An NIPT test is a blood test that screens a fetus for the most common chromosomal defects, including Down Syndrome, trisomy 13, and trisomy 18, as well as other sex chromosome abnormalities. (MaterniT21, for example, is a common NIPT screen.) Also referred to as cell-free DNA screening, the blood test can be performed in women who are at least nine weeks into their pregnancy. While it is routinely offered to women with high-risk pregnancies, meaning the women are at least 35 years old, have had a child with a chromosomal disorder, or have had an ultrasound that showed a potential problem with their fetus, many obstetricians are now offering the test to all women, regardless of age or pregnancy risk.
A pregnant woman's blood contains both maternal DNA and cell-free fetal DNA, which is DNA from the placenta that has crossed into the mother's bloodstream. NIPT measures the fragments of this circulating fetal DNA. If the test detects abnormal amounts of certain DNA, then the screening would come back positive. For example, high amounts of chromosome 21, 13, or 18 suggest that the fetus may have an extra copy of one of those chromosomes in each cell in the body, rather than the usual two copies. Having an extra 21 chromosome, for instance, can lead to Down Syndrome, a disorder characterized by intellectual and physical disabilities, including cognitive delays, heart defects, and an increased risk of developing Alzheimer's disease.
What has doctors, researchers, and women with high-risk pregnancies excited about NIPT is its accuracy compared to the maternal serum tests previously offered, which, while also noninvasive, are not nearly as accurate an NIPT test.

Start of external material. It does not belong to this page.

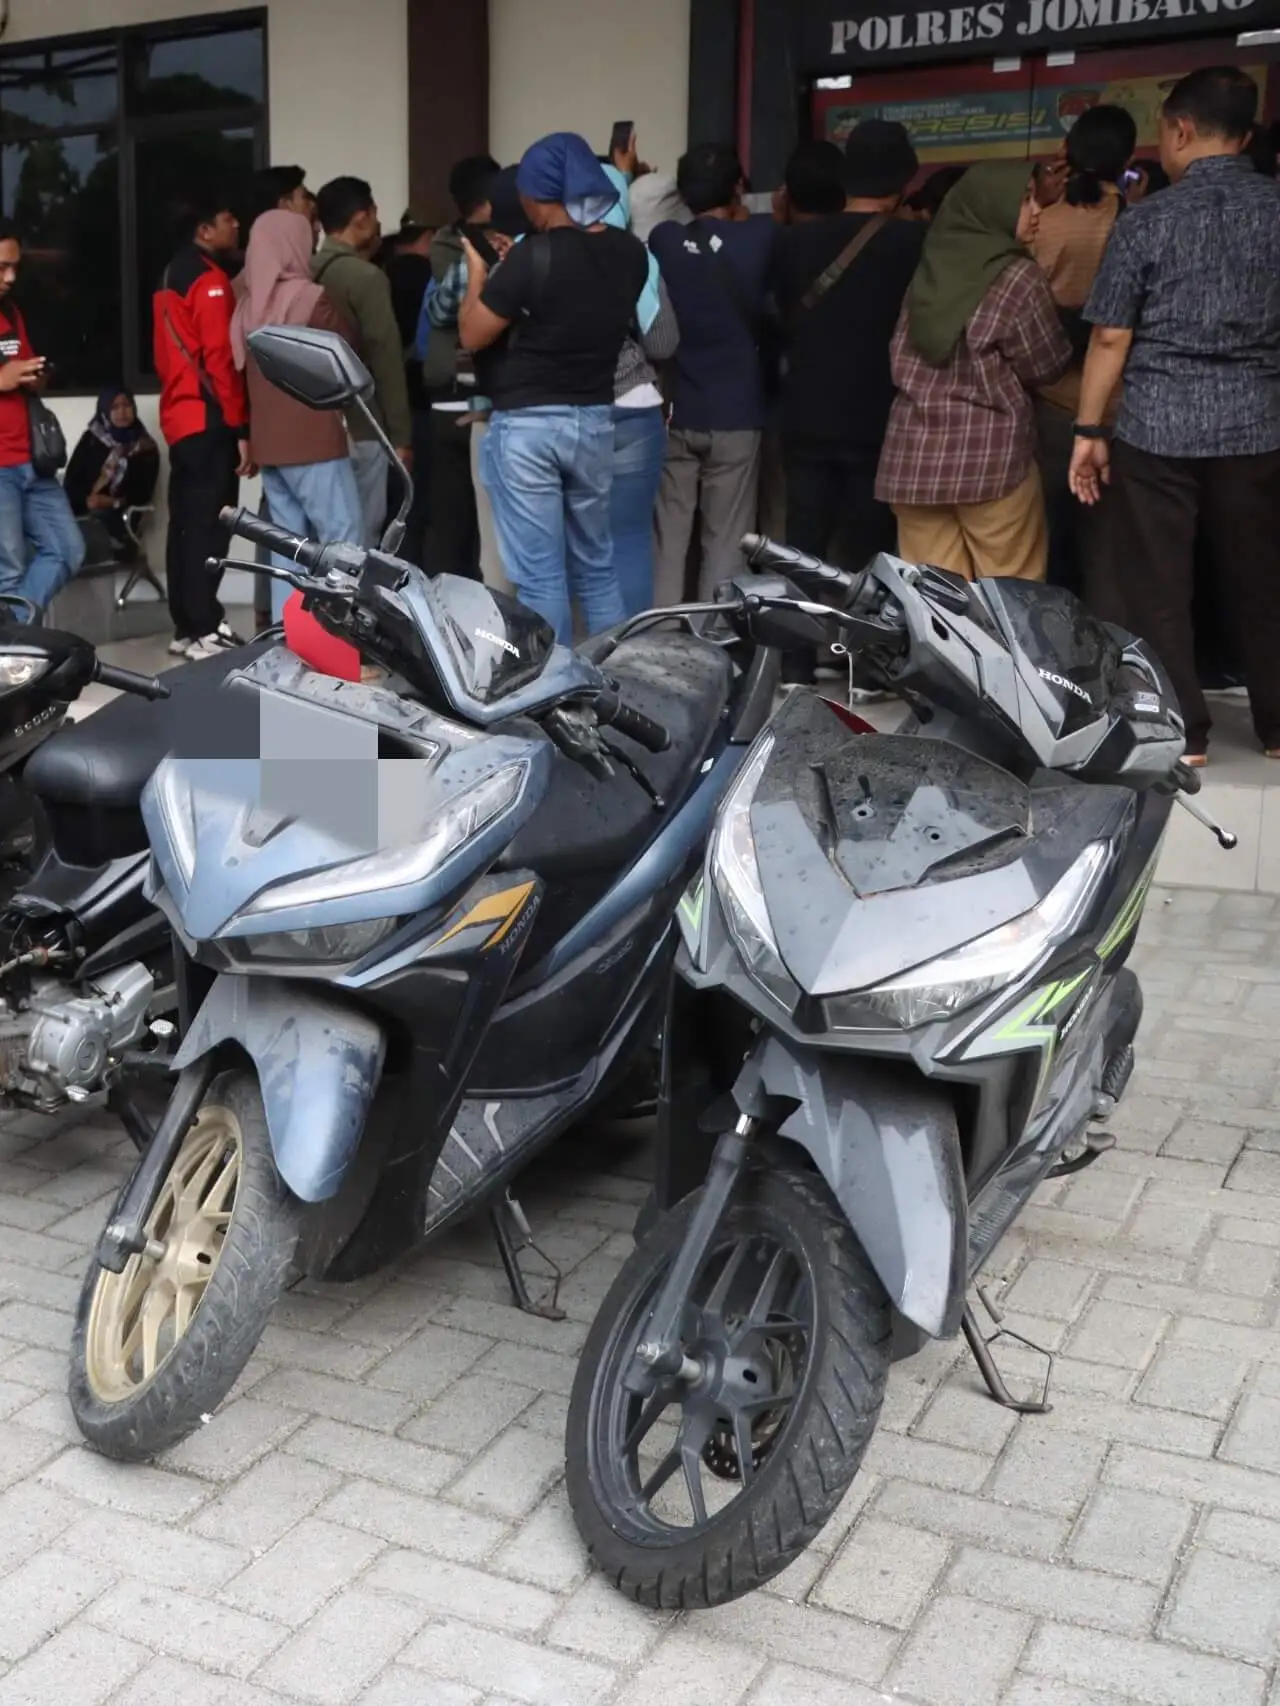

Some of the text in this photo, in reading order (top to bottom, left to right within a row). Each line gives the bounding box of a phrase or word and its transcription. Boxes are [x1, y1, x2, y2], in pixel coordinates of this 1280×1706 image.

"One out of 20 women who had a maternal serum screen for Down Syndrome would get a false positive, whereas 1 out of 1,000 women getting NIPT would get a false positive," says Blair Stevens, M.S., CGC, a genetic counselor at the University of Texas Health Science Center in Houston.
Knowing your baby's risk of having a chromosomal defect with a blood test can help you avoid more invasive tests. With that said, keep in mind that NIPT is a screening tool; it is not diagnostic. A positive test result signals that you will have to undergo a more invasive diagnostic test, such as an amniocentesis or chorionic villus sampling, which carry a small risk of miscarriage. Only those tests can definitively confirm or rule out a chromosomal disorder.
While an NIPT test has benefits, it does have limitations. Women with low-risk pregnancies have far more frequent false positives than women who are considered high risk. This can lead to unnecessary diagnostic procedures. In addition, a negative result does not guarantee that a fetus harbors no chromosomal abnormality, and NIPT does not test for all chromosomal disorders.
Aside from its ability to detect disorders, it can also predict fetal sex some 10 weeks earlier than the standard ultrasound and with a 99 percent accuracy. This has many soon-to-be parents excited, but Stevens offers words of caution for parents seeking NIPT solely to discover the sex of the baby.
"We have had unfortunately several patients come to our office with abnormal results who were very confused and very regretful for having the test," says Stevens. They wanted a straightforward gender blood test but ended up with devastating news they had not been prepared to receive. Stevens recommends that parents seek genetic counseling both before and after testing to make sure they understand what they are signing up for when they undergo prenatal testing.